→ **Exercise directions**: A word-for-word copy of the listing is required, and it must contain no pictures.

*** Opening of Supplied data ***

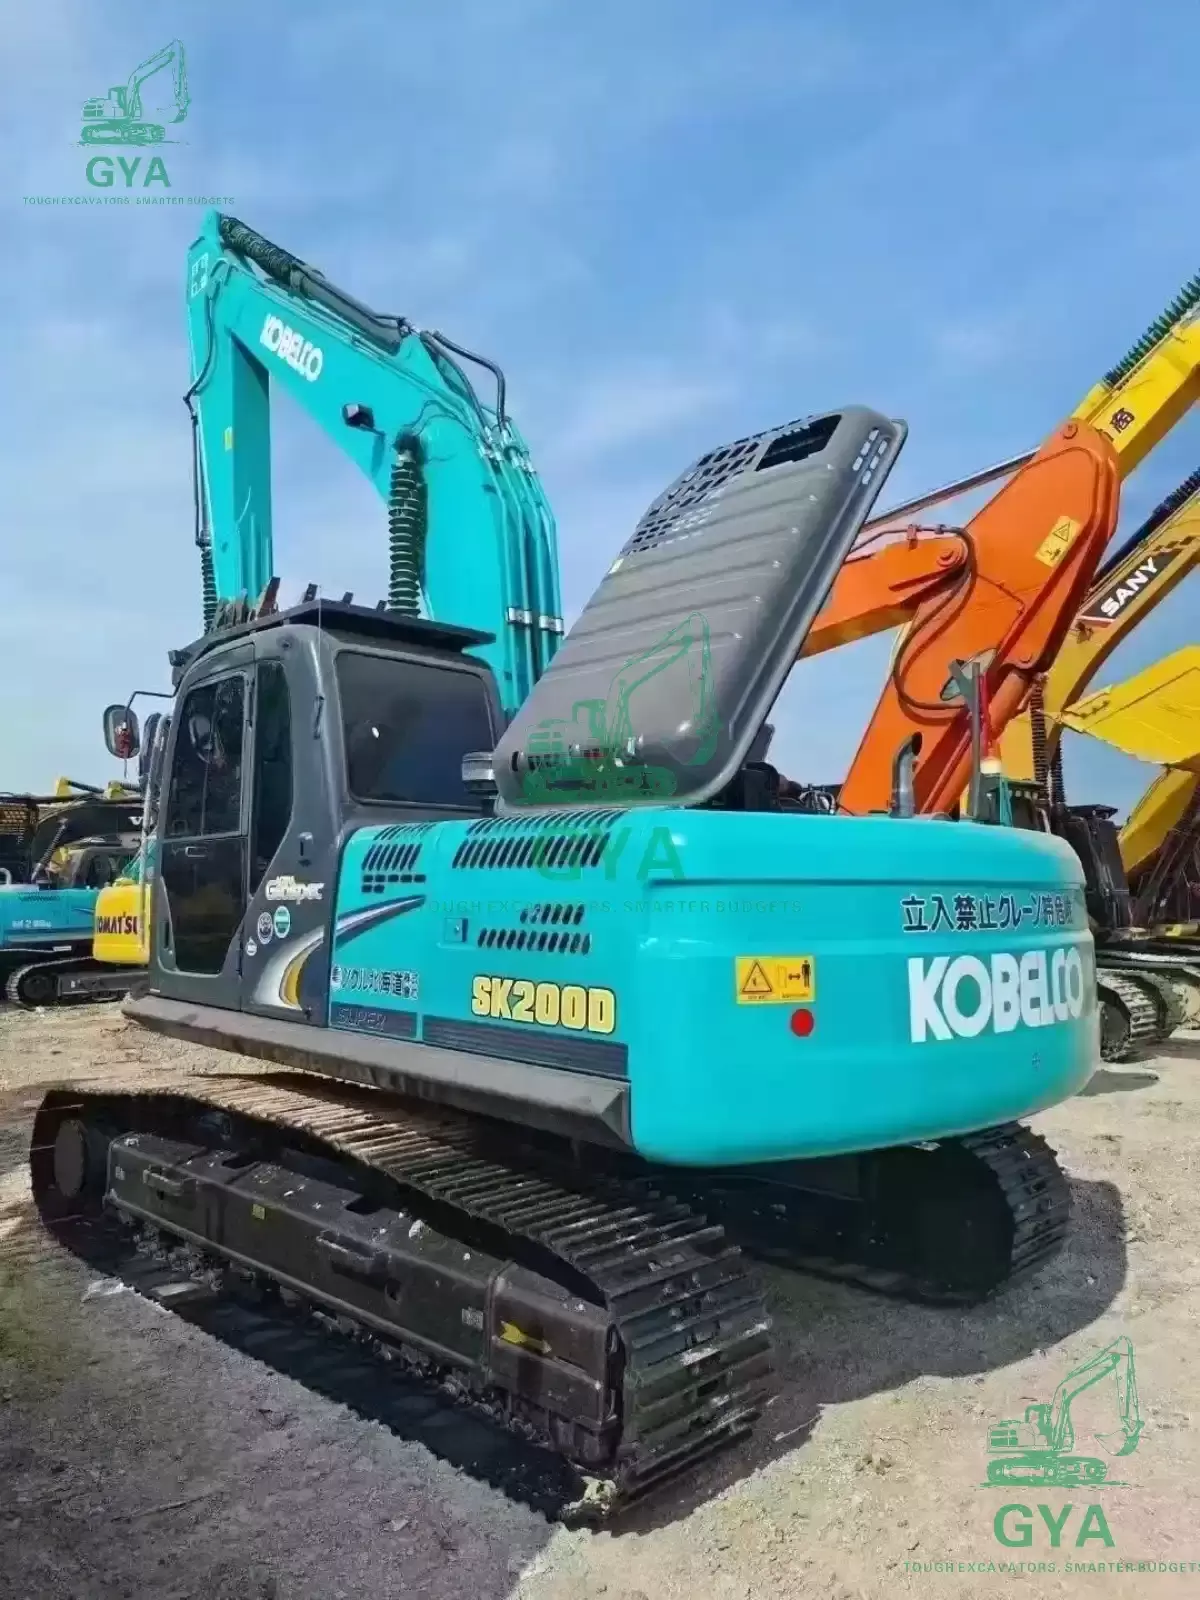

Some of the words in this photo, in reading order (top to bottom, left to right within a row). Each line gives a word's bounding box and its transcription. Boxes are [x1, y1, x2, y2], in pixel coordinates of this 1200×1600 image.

[260, 313, 323, 382] KOBELCO
[1101, 557, 1158, 617] SANY
[471, 974, 616, 1036] SK200D
[908, 946, 1083, 1043] KOBELCO
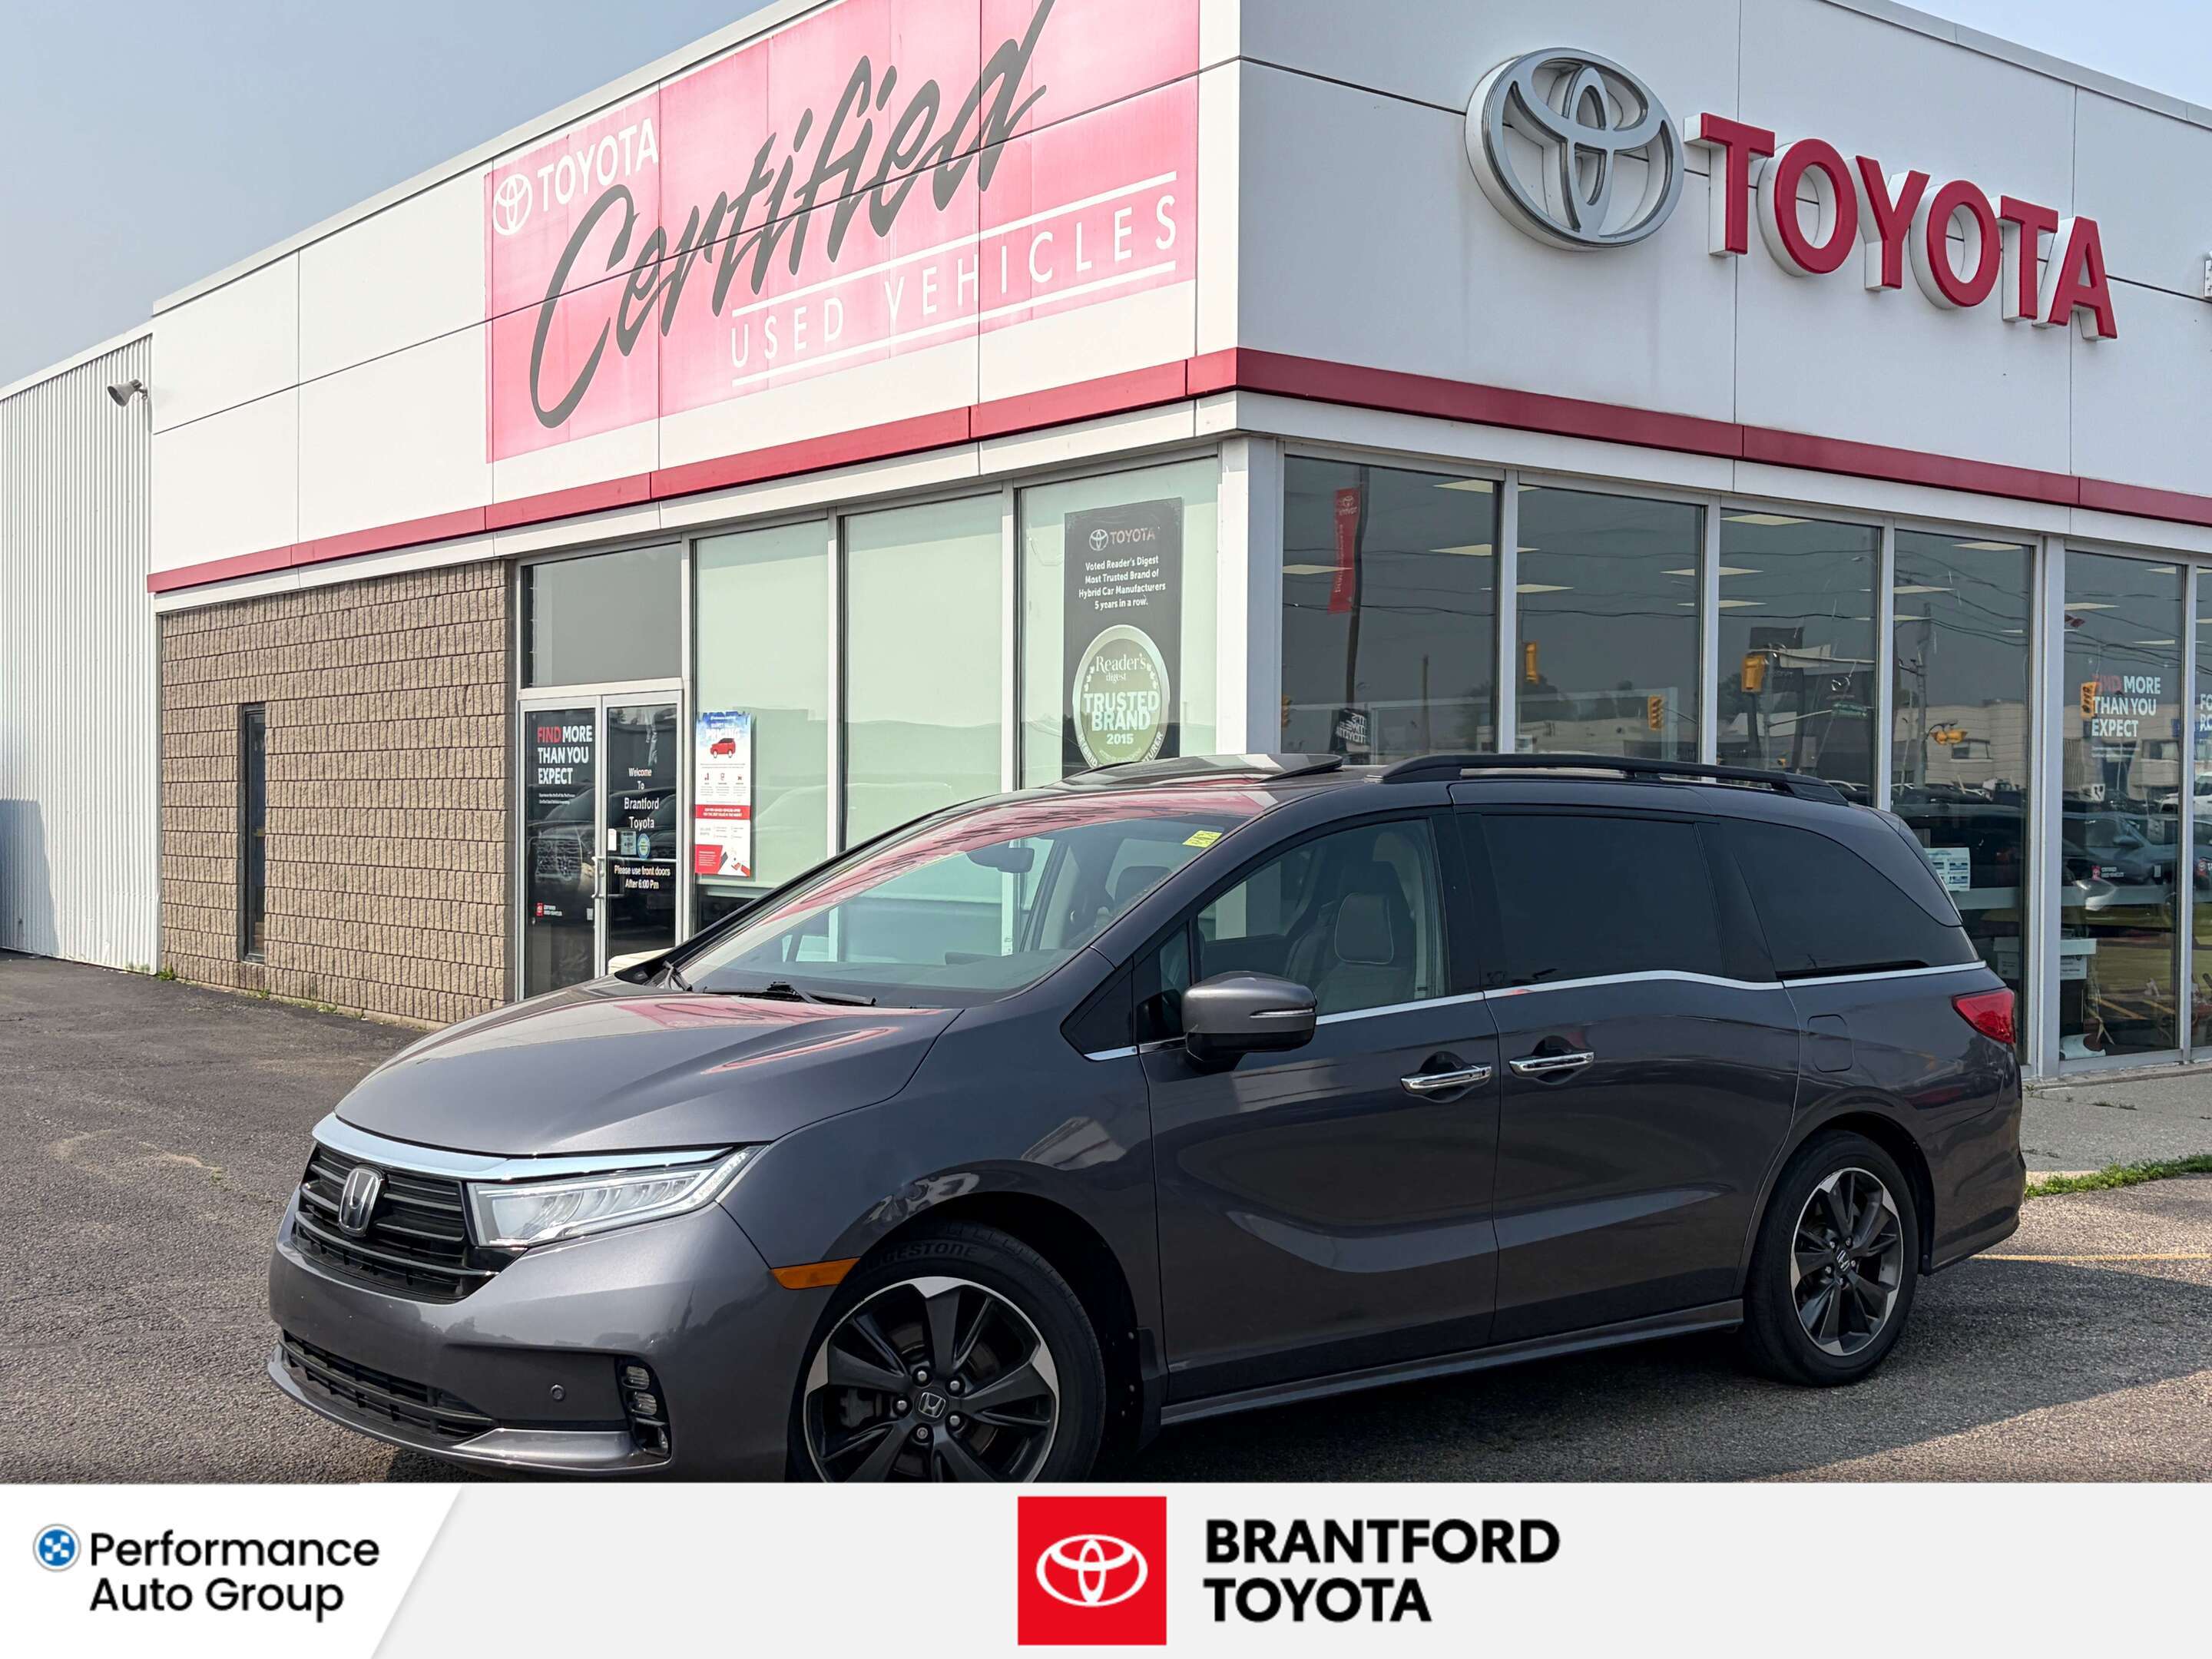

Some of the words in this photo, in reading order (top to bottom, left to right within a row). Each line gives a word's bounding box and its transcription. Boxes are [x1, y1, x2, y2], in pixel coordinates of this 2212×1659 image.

[538, 116, 659, 214] TOYOTA
[530, 0, 1055, 429] Certified
[1685, 112, 2118, 341] TOYOTA
[731, 297, 844, 369] USED
[885, 193, 1177, 323] VEHICLES
[1109, 527, 1156, 545] TOYOTA
[1085, 560, 1105, 571] Voted
[1106, 558, 1135, 569] Reader's
[1137, 555, 1159, 567] Digest
[1085, 574, 1101, 584] Most
[1102, 571, 1128, 583] Trusted
[1130, 569, 1151, 580] Brand
[1151, 568, 1160, 578] of
[1078, 587, 1101, 599] Hybrid
[1102, 586, 1114, 595] Car
[1115, 582, 1166, 594] Manufacturers
[1094, 601, 1099, 610] 5
[1100, 601, 1118, 611] years
[1118, 598, 1126, 608] in
[1133, 598, 1149, 607] row.
[1096, 653, 1147, 674] Reader's
[1106, 672, 1127, 684] digest
[2123, 675, 2161, 694] MORE
[1083, 690, 1161, 714] TRUSTED
[2094, 696, 2128, 715] THAN
[2131, 697, 2157, 716] YOU
[1091, 707, 1151, 732] BRAND
[2091, 718, 2139, 737] EXPECT
[537, 726, 561, 743] FIND
[562, 725, 593, 743] MORE
[1106, 733, 1134, 745] 2015
[537, 747, 565, 764] THAN
[567, 746, 589, 763] YOU
[538, 767, 574, 784] EXPECT
[628, 767, 652, 777] Welcome
[637, 780, 645, 790] To
[624, 796, 660, 810] Brantford
[628, 816, 655, 832] Toyota
[614, 865, 631, 875] Please
[641, 866, 654, 876] front
[655, 866, 671, 876] doors
[625, 879, 638, 888] After
[650, 879, 660, 889] Pm

*** Close of Supplied data ***

→ **Completed task**:
Some of the words in this photo, in reading order (top to bottom, left to right within a row). Each line gives a word's bounding box and its transcription. Boxes are [x1, y1, x2, y2], in pixel coordinates of this 1200×1600 image.

[260, 313, 323, 382] KOBELCO
[1101, 557, 1158, 617] SANY
[471, 974, 616, 1036] SK200D
[908, 946, 1083, 1043] KOBELCO

Some of the words in this photo, in reading order (top to bottom, left to right within a row). Each line gives a word's bounding box and its transcription. Boxes are [x1, y1, x2, y2], in pixel coordinates of this 2212×1659 image.

[538, 116, 659, 214] TOYOTA
[530, 0, 1055, 429] Certified
[1685, 112, 2118, 341] TOYOTA
[731, 297, 844, 369] USED
[885, 193, 1177, 323] VEHICLES
[1109, 527, 1156, 545] TOYOTA
[1085, 560, 1105, 571] Voted
[1106, 558, 1135, 569] Reader's
[1137, 555, 1159, 567] Digest
[1085, 574, 1101, 584] Most
[1102, 571, 1128, 583] Trusted
[1130, 569, 1151, 580] Brand
[1151, 568, 1160, 578] of
[1078, 587, 1101, 599] Hybrid
[1102, 586, 1114, 595] Car
[1115, 582, 1166, 594] Manufacturers
[1094, 601, 1099, 610] 5
[1100, 601, 1118, 611] years
[1118, 598, 1126, 608] in
[1133, 598, 1149, 607] row.
[1096, 653, 1147, 674] Reader's
[1106, 672, 1127, 684] digest
[2123, 675, 2161, 694] MORE
[1083, 690, 1161, 714] TRUSTED
[2094, 696, 2128, 715] THAN
[2131, 697, 2157, 716] YOU
[1091, 707, 1151, 732] BRAND
[2091, 718, 2139, 737] EXPECT
[537, 726, 561, 743] FIND
[562, 725, 593, 743] MORE
[1106, 733, 1134, 745] 2015
[537, 747, 565, 764] THAN
[567, 746, 589, 763] YOU
[538, 767, 574, 784] EXPECT
[628, 767, 652, 777] Welcome
[637, 780, 645, 790] To
[624, 796, 660, 810] Brantford
[628, 816, 655, 832] Toyota
[614, 865, 631, 875] Please
[641, 866, 654, 876] front
[655, 866, 671, 876] doors
[625, 879, 638, 888] After
[650, 879, 660, 889] Pm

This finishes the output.